** EXERCISE DATA **
=== Begin Enclosure ===

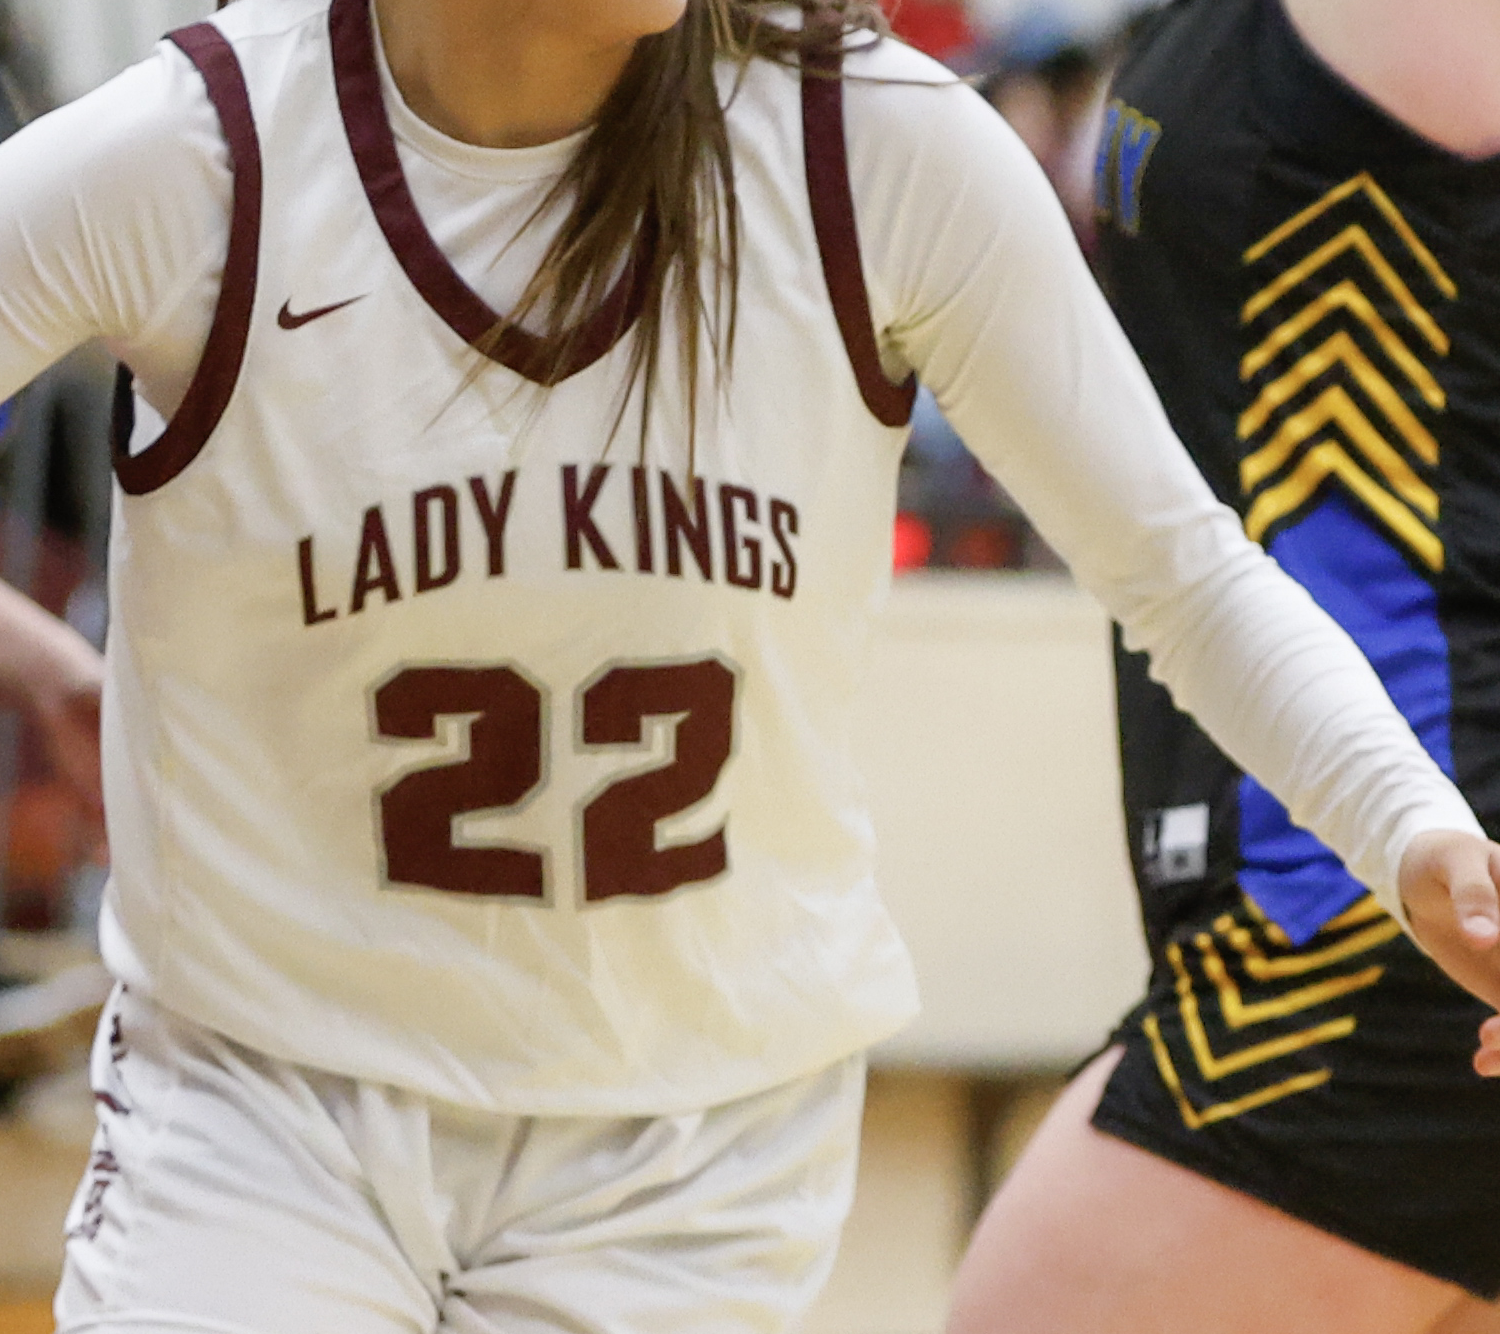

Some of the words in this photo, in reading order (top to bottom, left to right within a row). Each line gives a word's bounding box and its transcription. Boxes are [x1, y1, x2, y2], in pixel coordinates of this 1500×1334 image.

[297, 467, 520, 627] LADY
[560, 461, 803, 602] KINGS
[366, 653, 745, 908] 22
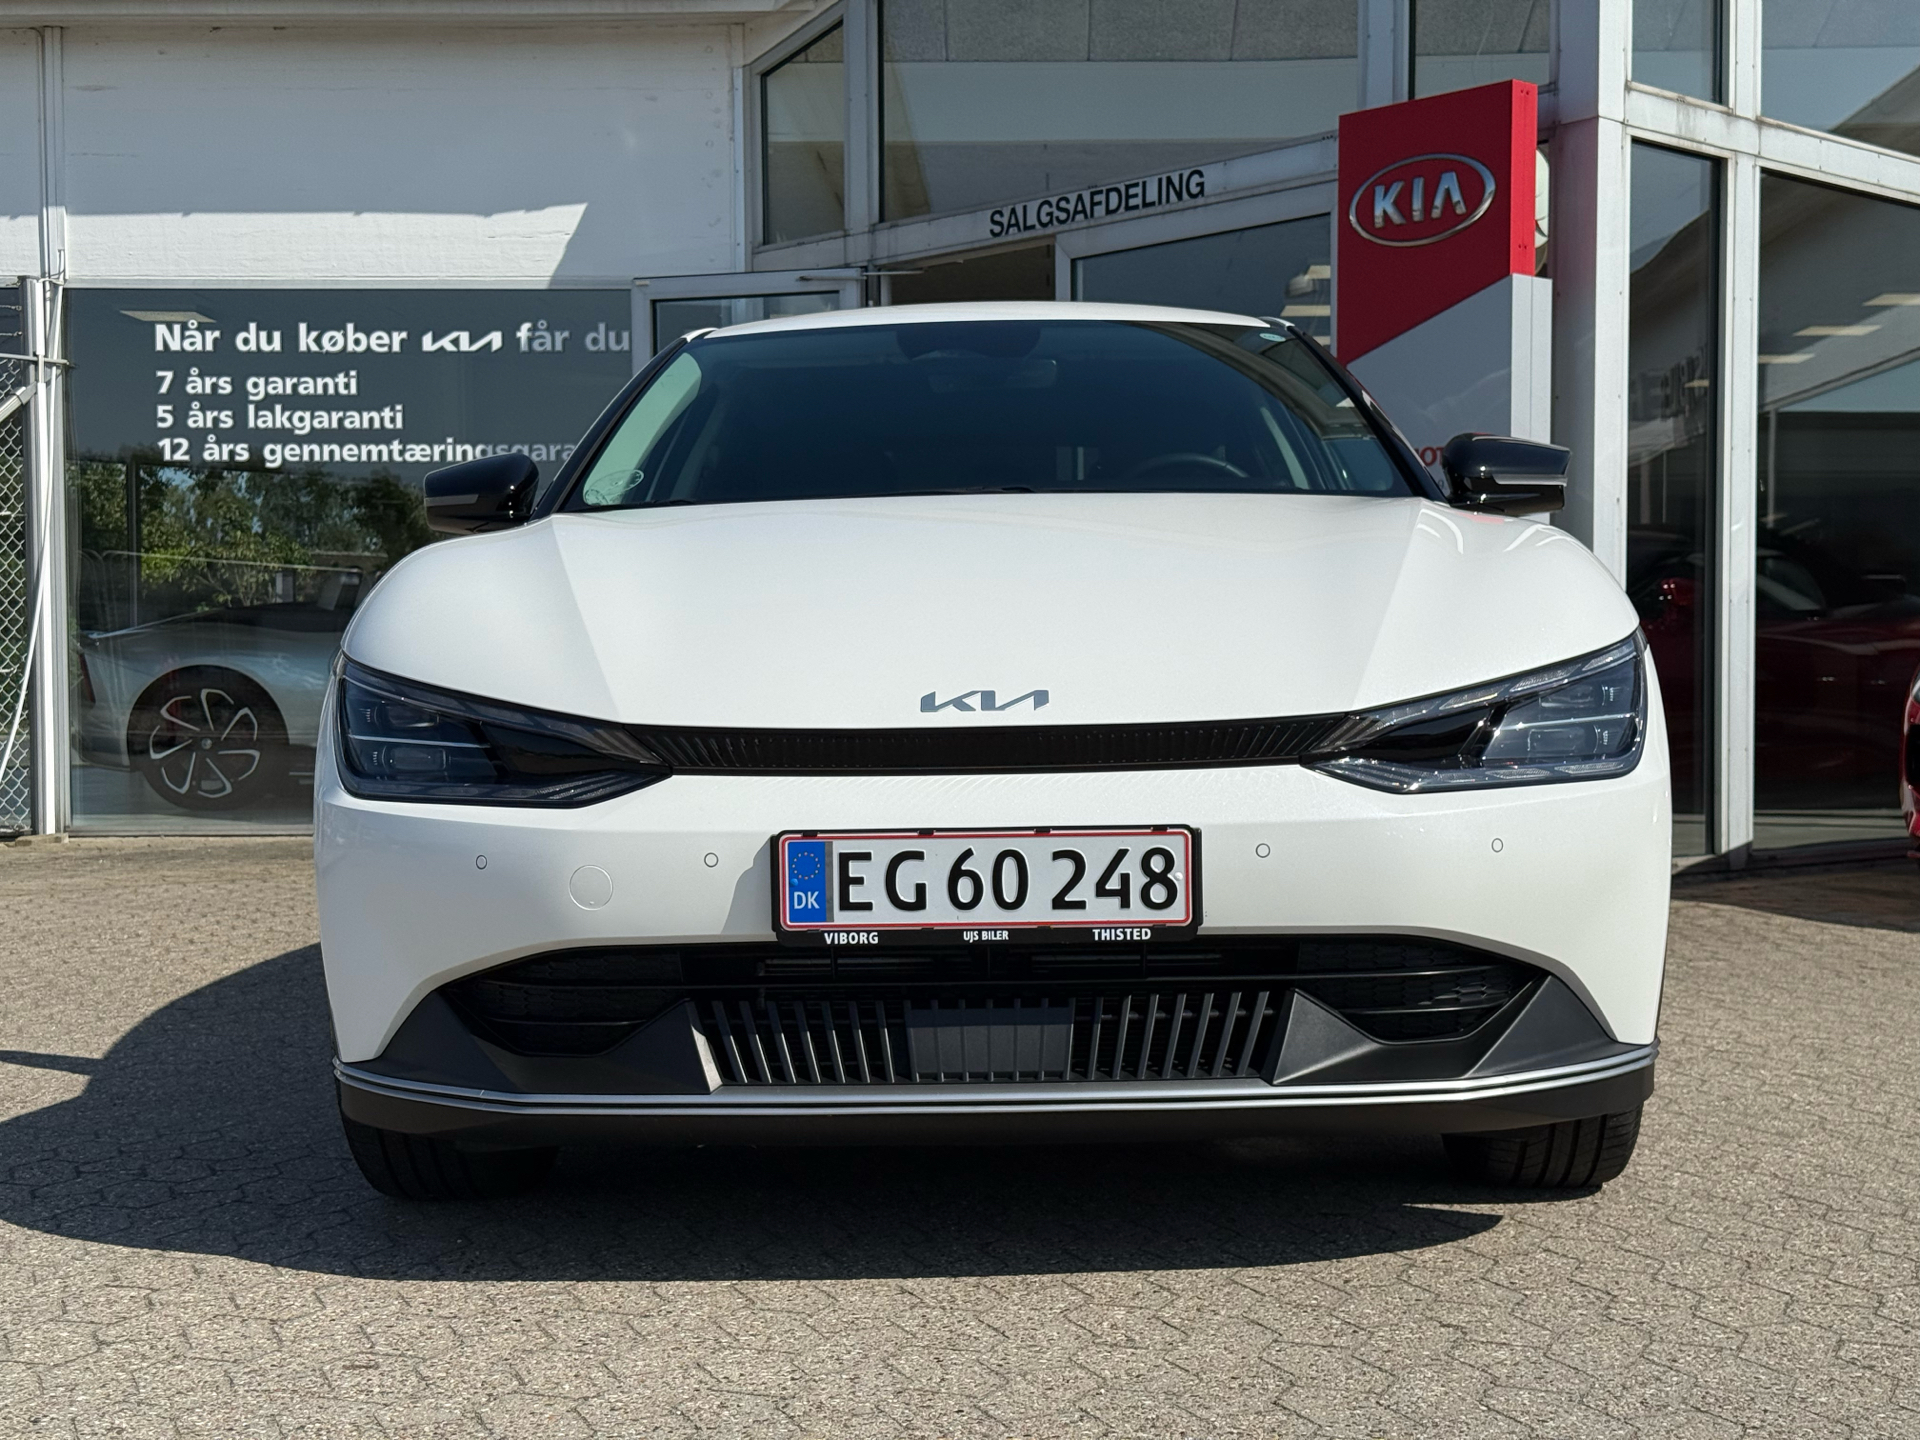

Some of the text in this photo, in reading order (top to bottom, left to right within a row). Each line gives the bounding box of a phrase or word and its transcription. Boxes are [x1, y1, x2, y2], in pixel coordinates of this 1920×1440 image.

[989, 169, 1205, 238] SALGSAFDELING
[1374, 171, 1467, 229] KIA
[155, 319, 220, 351] Når
[235, 323, 281, 351] du
[299, 323, 407, 352] køber
[516, 319, 570, 352] får
[585, 322, 630, 352] du
[156, 366, 357, 402] 7 års garanti
[157, 400, 403, 435] 5 års lakgaranti
[158, 438, 190, 461] 12
[203, 434, 250, 461] års
[921, 690, 1049, 713] KIA
[838, 847, 1178, 912] EG 60 248
[793, 891, 820, 909] DK
[824, 928, 1151, 945] VIBORG UJS BILER THISTED

=== End Enclosure ===

** AIM OF THE EXERCISE **
At the line with "Some of the text", begin reproducing the material above exactly, and continue through its last line.

** OUTPUT BELOW **
Some of the text in this photo, in reading order (top to bottom, left to right within a row). Each line gives the bounding box of a phrase or word and its transcription. Boxes are [x1, y1, x2, y2], in pixel coordinates of this 1920×1440 image.

[989, 169, 1205, 238] SALGSAFDELING
[1374, 171, 1467, 229] KIA
[155, 319, 220, 351] Når
[235, 323, 281, 351] du
[299, 323, 407, 352] køber
[516, 319, 570, 352] får
[585, 322, 630, 352] du
[156, 366, 357, 402] 7 års garanti
[157, 400, 403, 435] 5 års lakgaranti
[158, 438, 190, 461] 12
[203, 434, 250, 461] års
[921, 690, 1049, 713] KIA
[838, 847, 1178, 912] EG 60 248
[793, 891, 820, 909] DK
[824, 928, 1151, 945] VIBORG UJS BILER THISTED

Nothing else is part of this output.